Но декларируемые идеи не всегда находят адекватное выражение и оригинальное решение в художественной практике Булгарина. Прежде всего, это касается образов представителей «высшего состояния», которым автор посвящает ряд сатирических очерков 1830–1840‐х годов. Они лишены не только какого-либо национального своеобразия (что может быть объяснимо подчеркнутым отсутствием какой-либо самобытности), но и исторической, и психологической достоверности. Это невежественные, праздные, чванливые аристократические щеголи, зараженные галломанией, занятые погоней за модой и волокитством. Плоские и ходульные светские персонажи у Булгарина тиражируются: образ «фашонебля» в очерке «Великий муж на малые дела» (1833) мало чем отличается от портрета «денди» в одном из последних очерков «Лев и шакал» (1843)[1175]. При этом как в этих, так и в других очерках, Булгарин докучливо вторичен, активно эксплуатируя из очерка в очерк сатирические детали из первой главы «Евгения Онегина», «Горя от ума» и более поздней литературы, например, светских повестей Панаева и Соллогуба.

 

В. Ф. Тимм. Лев и шакал. Литография. 1843

В. Ф. Тимм. Лев и шакал. Литография. 1843

 

Несколько удачнее дело обстоит с описанием других городских слоев. И если на раннем этапе обращение к их быту еще не привносит в очерки четкую национальную окраску, что можно видеть в приведенной выше жанровой картине (описание прихожей знатного вельможи), то позже в «статьях» «Мелочная лавка» (1835) и «Характер Петербурга» (1838)[1176] Булгарину удается подчеркнуть национальное своеобразие быта отдельных групп городских низов.

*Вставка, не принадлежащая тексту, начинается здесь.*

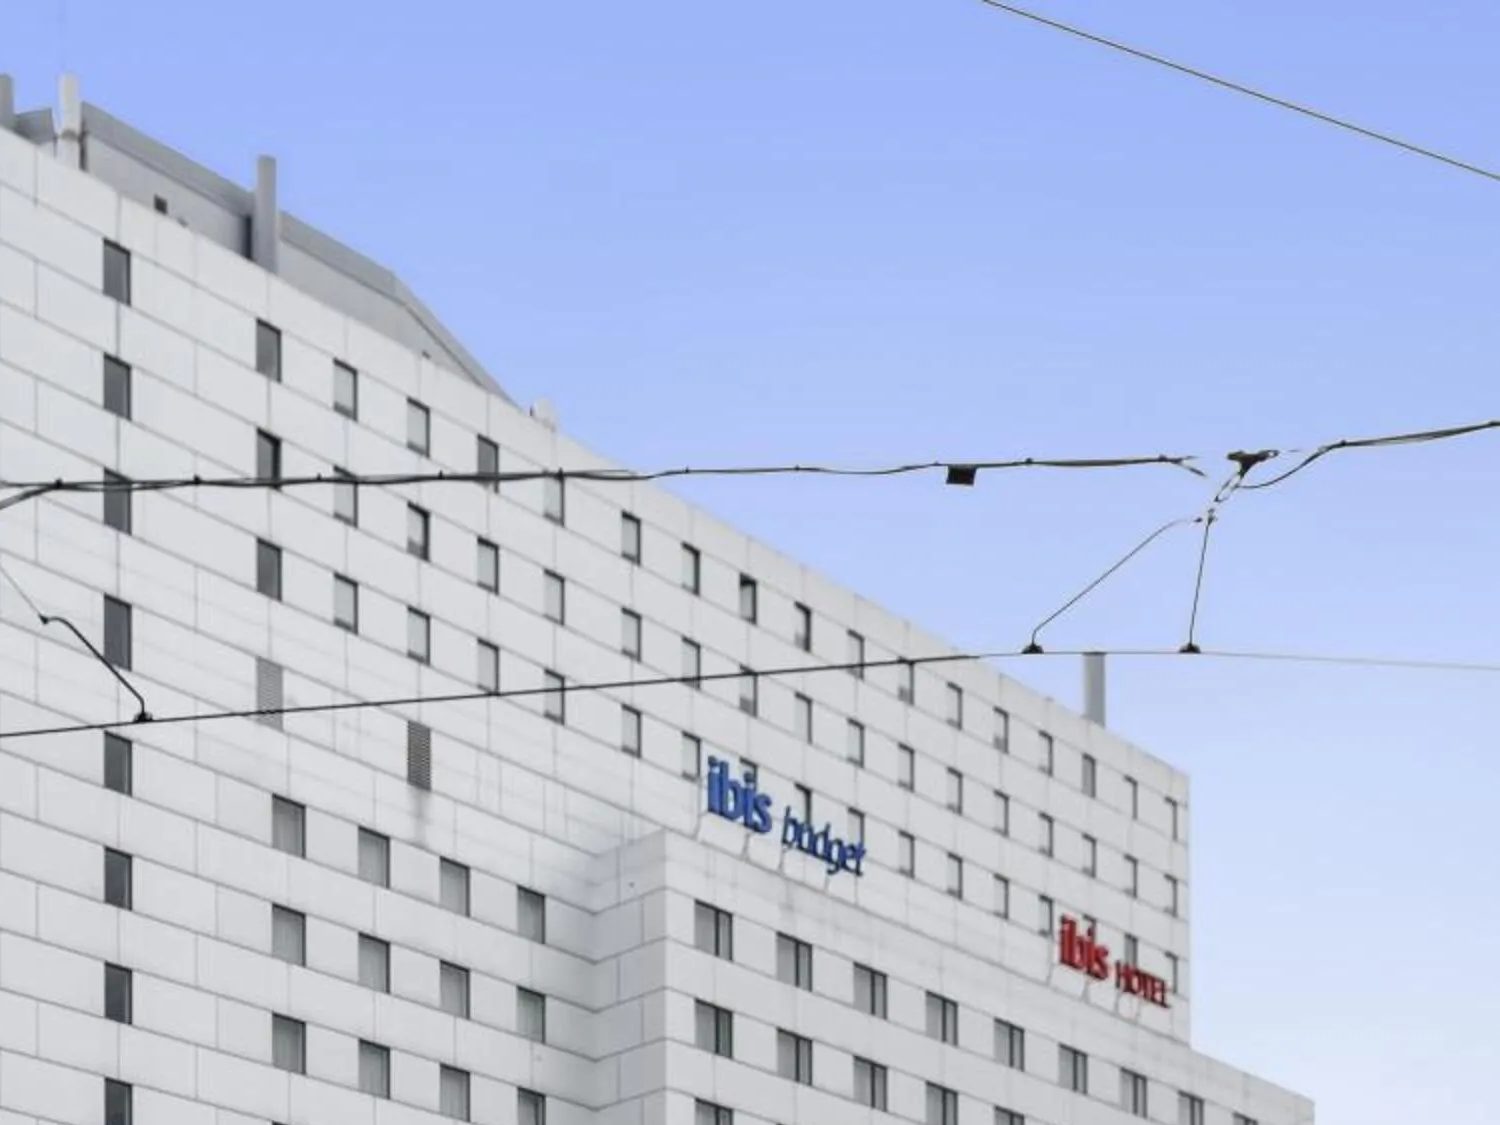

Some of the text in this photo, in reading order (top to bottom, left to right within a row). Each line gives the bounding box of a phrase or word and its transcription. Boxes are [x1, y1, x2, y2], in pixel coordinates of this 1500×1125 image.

[707, 754, 867, 877] ibis budget
[1059, 913, 1172, 1009] ibis HOTEL

Важно отметить, что он одним из первых обращается к описанию не только национального быта горожан, но и петербургских социальных типов. Мы имеем в виду очерки «Салопница» (1832), «Чиновник» (1832) и «Петербургская чухонская кухарка» (1834)[1177]. Чтобы восстановить историческую справедливость, следует отметить, что в очерке «Чиновник» задолго до «Петербургских повестей» Гоголя (и тем более очерков писателей, причислявших себя к его школе), Булгарин с иронией и сочувствием рисует тип чиновника и «мир чиновничий – мир совершенно отдельный, не имеющий никакого сходства ни с житьем помещичьим, ни с купеческим и мещанским бытом»[1178]. То же следует сказать об очерках, героями которых становятся чухонская кухарка и нищенка[1179]. В них Булгарин достигает уровня художественной, объемной типизации.